TASK GOAL -> Please return each entry that follows exactly as written, and keep the pictures out.

Images for object localization ->
§

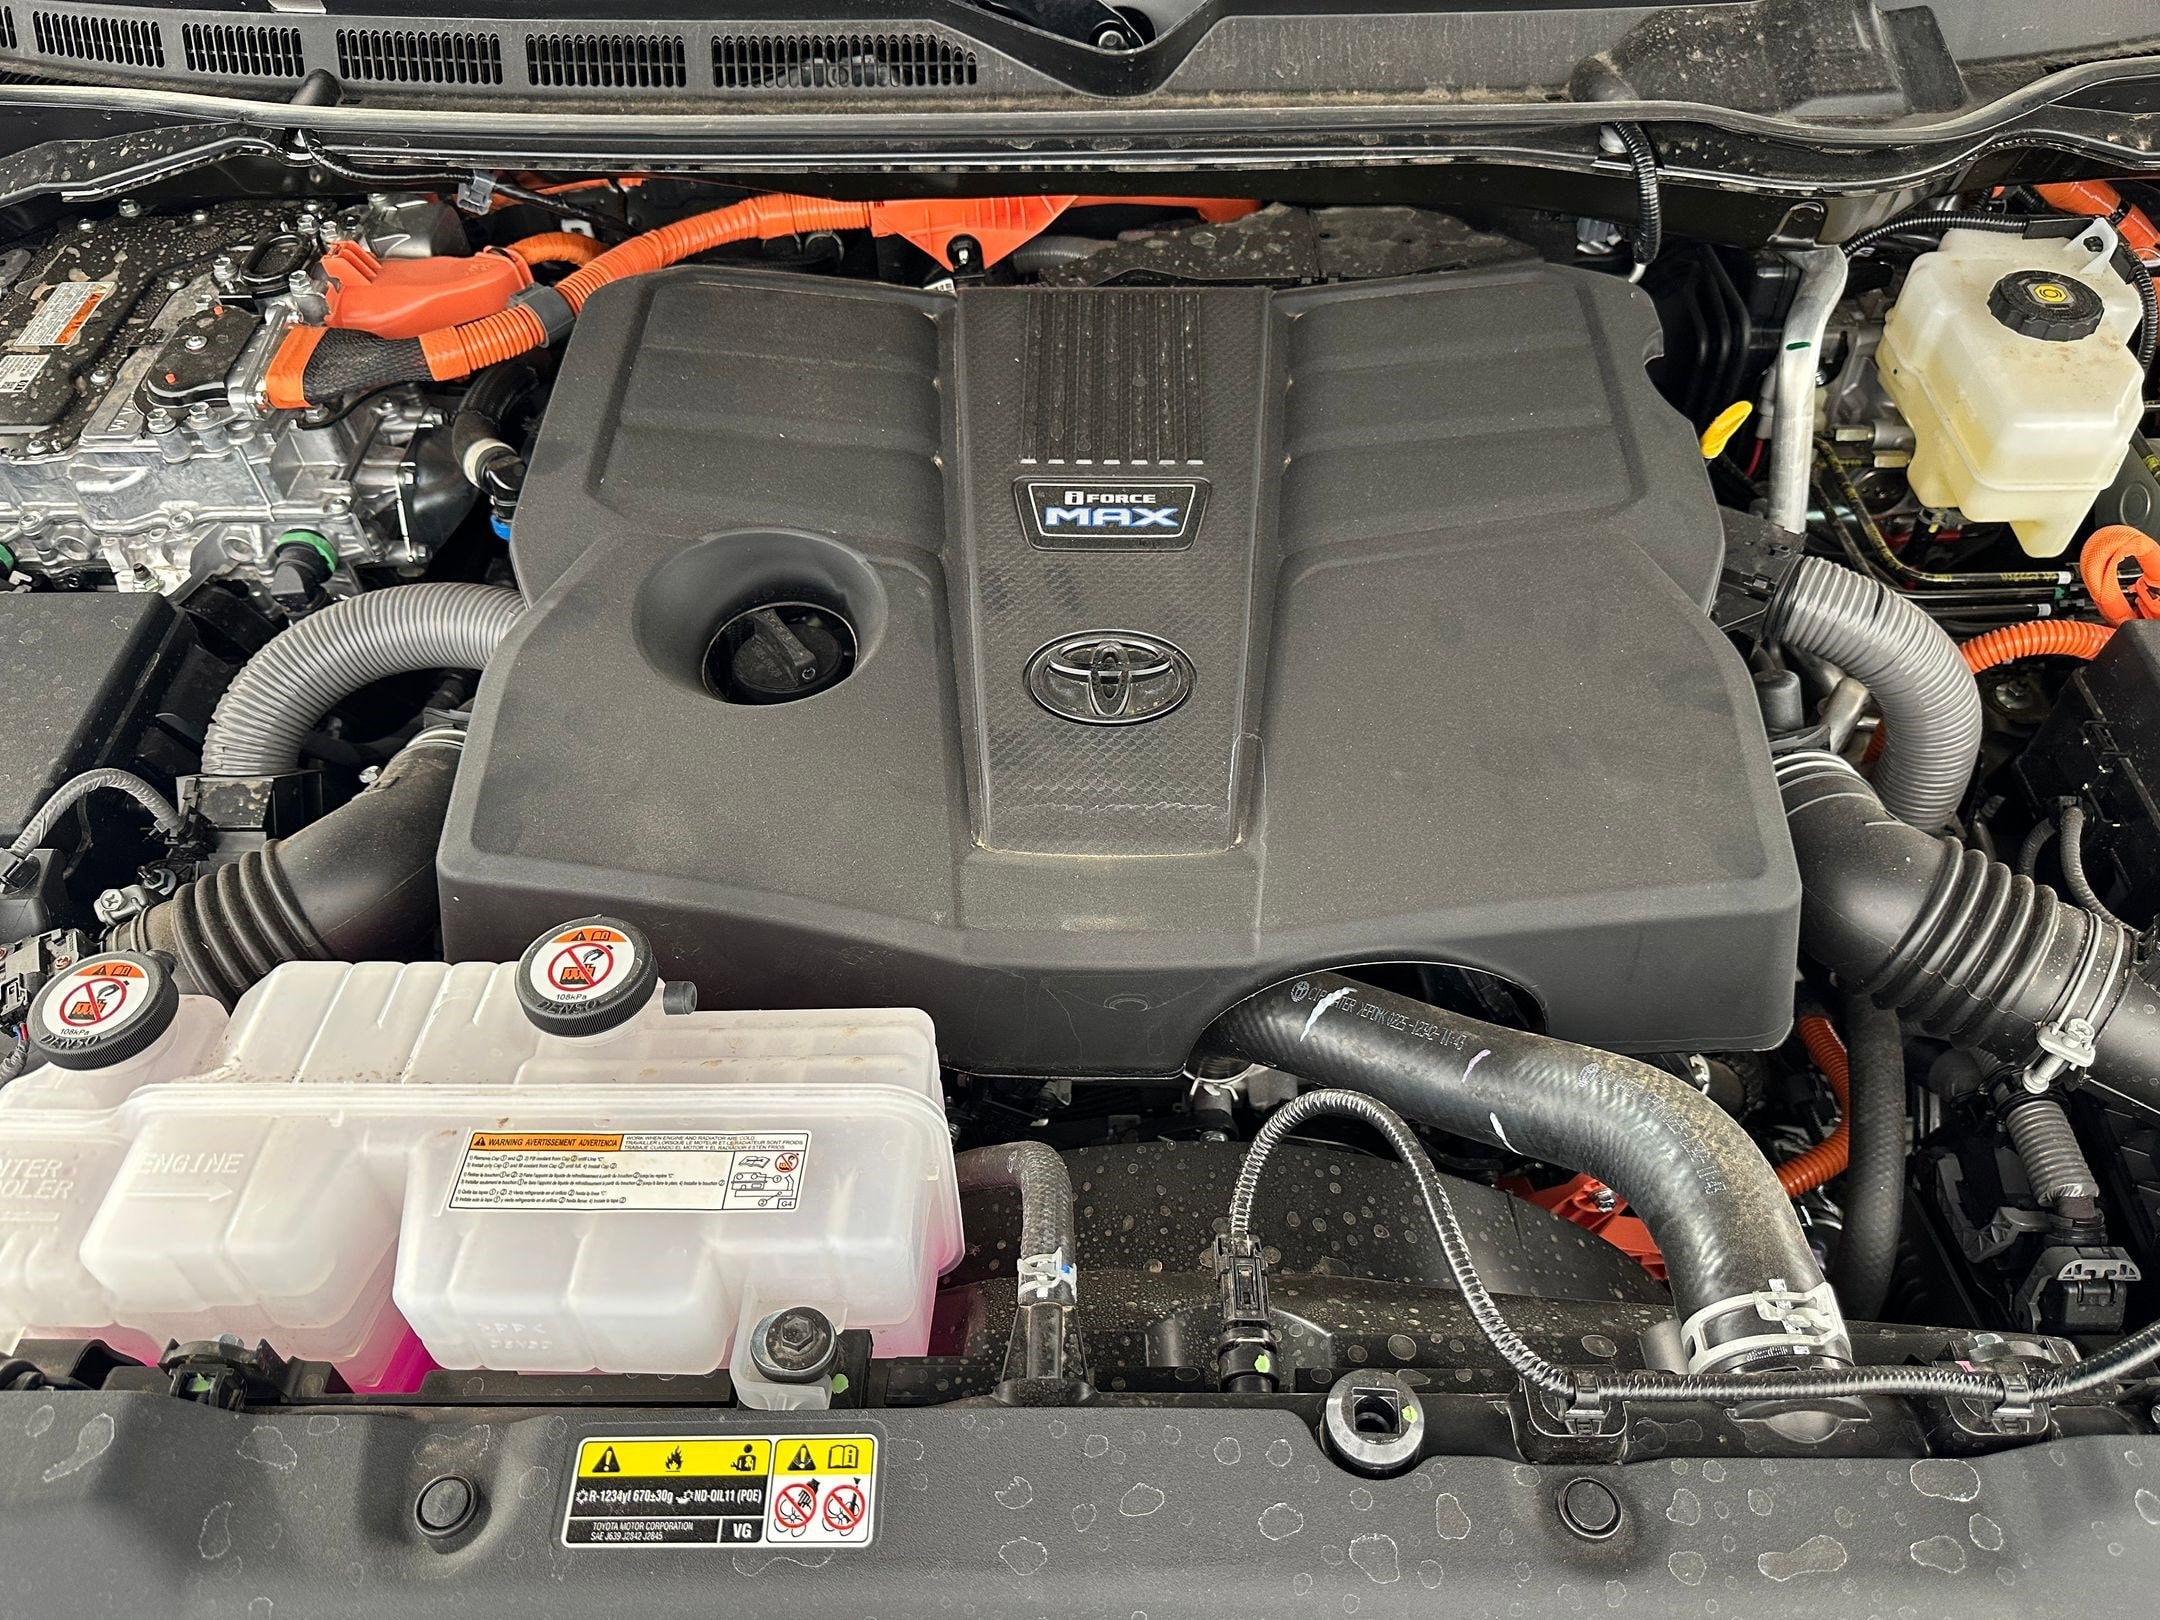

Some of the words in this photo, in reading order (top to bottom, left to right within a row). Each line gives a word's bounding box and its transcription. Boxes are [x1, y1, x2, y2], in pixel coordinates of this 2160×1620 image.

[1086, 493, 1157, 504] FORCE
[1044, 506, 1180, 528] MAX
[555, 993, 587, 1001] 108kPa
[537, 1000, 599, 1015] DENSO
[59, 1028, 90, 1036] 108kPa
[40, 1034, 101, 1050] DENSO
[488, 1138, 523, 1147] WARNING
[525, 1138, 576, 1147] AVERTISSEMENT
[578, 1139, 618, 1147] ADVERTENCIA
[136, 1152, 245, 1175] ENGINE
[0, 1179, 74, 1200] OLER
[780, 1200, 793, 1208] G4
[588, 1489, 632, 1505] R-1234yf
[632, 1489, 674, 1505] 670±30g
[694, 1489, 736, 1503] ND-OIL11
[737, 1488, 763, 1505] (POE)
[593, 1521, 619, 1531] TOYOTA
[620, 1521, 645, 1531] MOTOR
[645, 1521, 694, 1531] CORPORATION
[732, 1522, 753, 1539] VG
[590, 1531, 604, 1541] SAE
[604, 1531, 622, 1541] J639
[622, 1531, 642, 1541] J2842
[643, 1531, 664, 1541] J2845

§

TASK ANSWER ->
Some of the words in this photo, in reading order (top to bottom, left to right within a row). Each line gives a word's bounding box and its transcription. Boxes are [x1, y1, x2, y2], in pixel coordinates of this 2160×1620 image.

[1086, 493, 1157, 504] FORCE
[1044, 506, 1180, 528] MAX
[555, 993, 587, 1001] 108kPa
[537, 1000, 599, 1015] DENSO
[59, 1028, 90, 1036] 108kPa
[40, 1034, 101, 1050] DENSO
[488, 1138, 523, 1147] WARNING
[525, 1138, 576, 1147] AVERTISSEMENT
[578, 1139, 618, 1147] ADVERTENCIA
[136, 1152, 245, 1175] ENGINE
[0, 1179, 74, 1200] OLER
[780, 1200, 793, 1208] G4
[588, 1489, 632, 1505] R-1234yf
[632, 1489, 674, 1505] 670±30g
[694, 1489, 736, 1503] ND-OIL11
[737, 1488, 763, 1505] (POE)
[593, 1521, 619, 1531] TOYOTA
[620, 1521, 645, 1531] MOTOR
[645, 1521, 694, 1531] CORPORATION
[732, 1522, 753, 1539] VG
[590, 1531, 604, 1541] SAE
[604, 1531, 622, 1541] J639
[622, 1531, 642, 1541] J2842
[643, 1531, 664, 1541] J2845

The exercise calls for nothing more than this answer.